Ativista LGBTQ+ Valéria Rodrigues morre vítima de Covid-19 em São Paulo

Morreu em São Paulo no último sábado (13/03), vítima da Covid-19, a travesti e ativista LGBTQ+ Valéria Rodrigues, aos 41 anos. Ao G1, a irmã de Valéria, Elenice Rodrigues, afirmou que ela estava internada desde o domingo passado (07/03) na Unidade De Pronto Atendimento (UPA) de Franco da Rocha, na Grande São Paulo.

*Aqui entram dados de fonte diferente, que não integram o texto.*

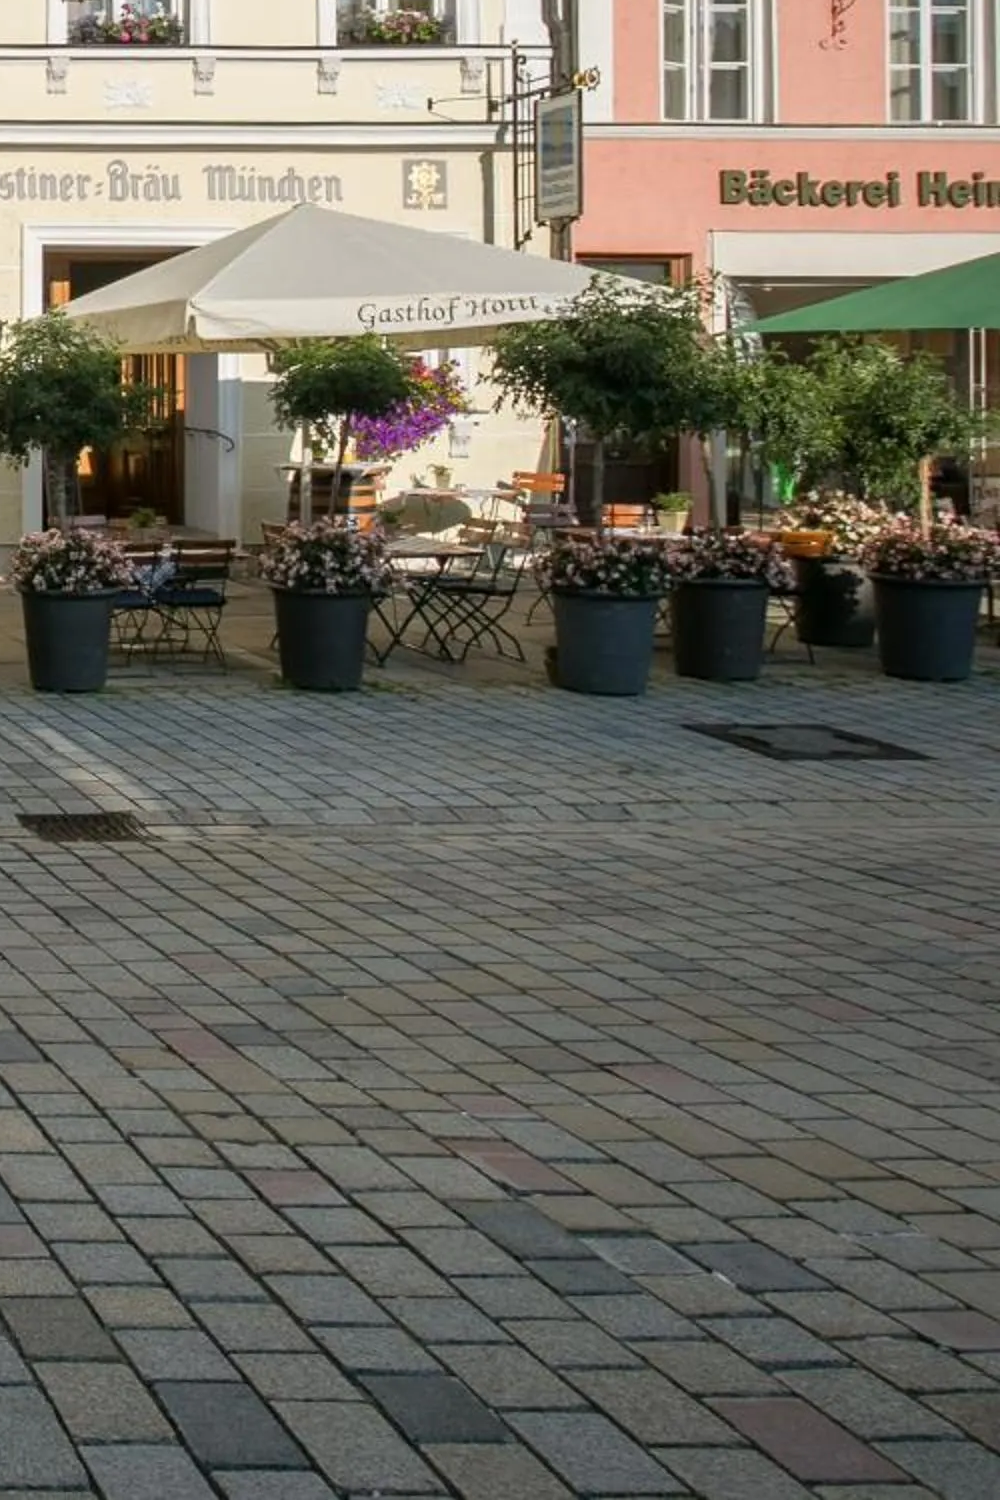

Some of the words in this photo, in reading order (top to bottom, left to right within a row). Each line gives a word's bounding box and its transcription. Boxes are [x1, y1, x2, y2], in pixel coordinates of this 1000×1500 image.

[202, 164, 343, 202] München
[719, 170, 900, 208] Bäckerei
[357, 296, 460, 330] Gasthof

Segundo a prefeitura de Franco da Rocha, a ativista estava na lista de espera de transferência para uma Unidade de Tratamento Intensivo (UTI) em um hospital do estado. De acordo com informações do G1, ao menos 60 pacientes com Covid ou suspeita morreram na fila por um leito de UTI no estado de SP, 6 deles em Franco da Rocha.

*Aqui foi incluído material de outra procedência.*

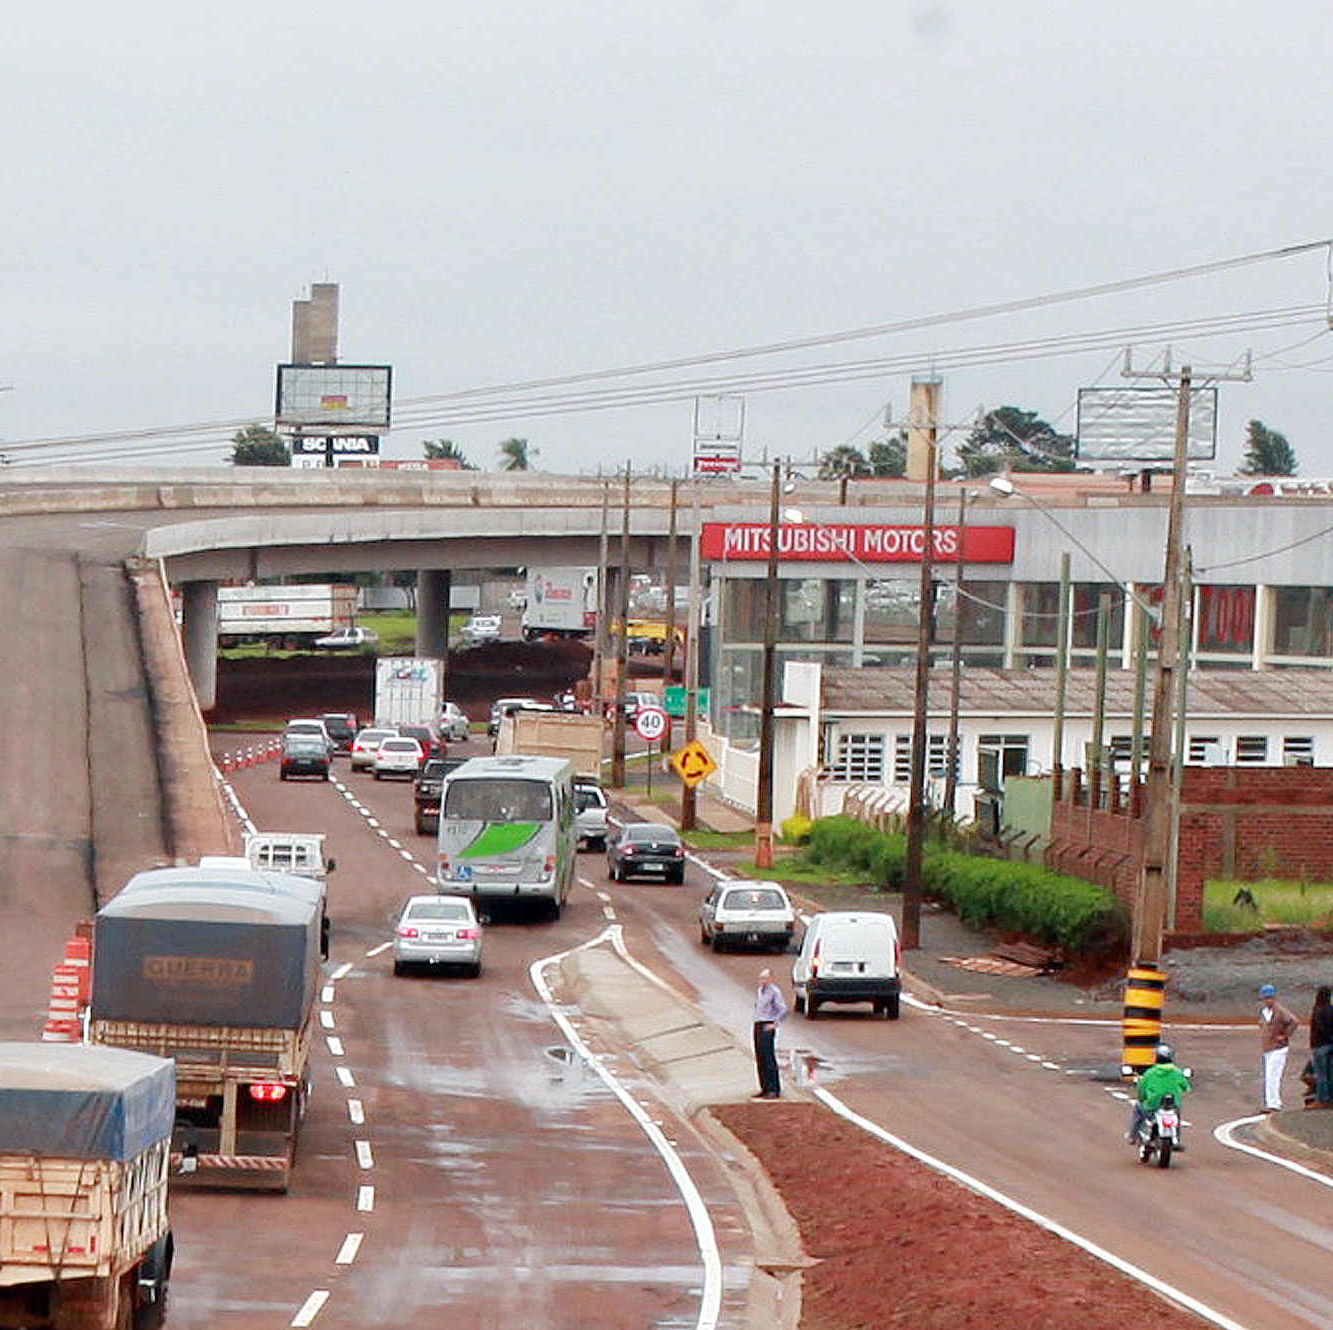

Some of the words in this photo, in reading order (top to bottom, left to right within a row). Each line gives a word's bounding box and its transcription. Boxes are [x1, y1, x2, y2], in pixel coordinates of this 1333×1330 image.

As páginas nas redes sociais do Instituto Nice, da qual era presidente, e da Associação Nacional de Travestis e Transexuais (Antra) publicaram notas de pesar pelo falecimento de Valéria. “Valéria ficará nas nossas lembranças como uma travesti que não descansava nunca. Infelizmente a Covid-19 lhe vitimou e a levou muito jovem ainda, exatamente porque ela estava na linha de frente do enfrentamento da pandemia junto a população trans mais vulnerável“, lamentou a Antra.

Candidata à vereadora da capital paulista em 2016, pelo PC do B, a ativista colaborou com o Ministério Público Federal (MPF) em operações para desarticular quadrilhas que comandavam o tráfico estadual e internacional de travestis a partir de São Paulo. As operações libertaram 73 vítimas.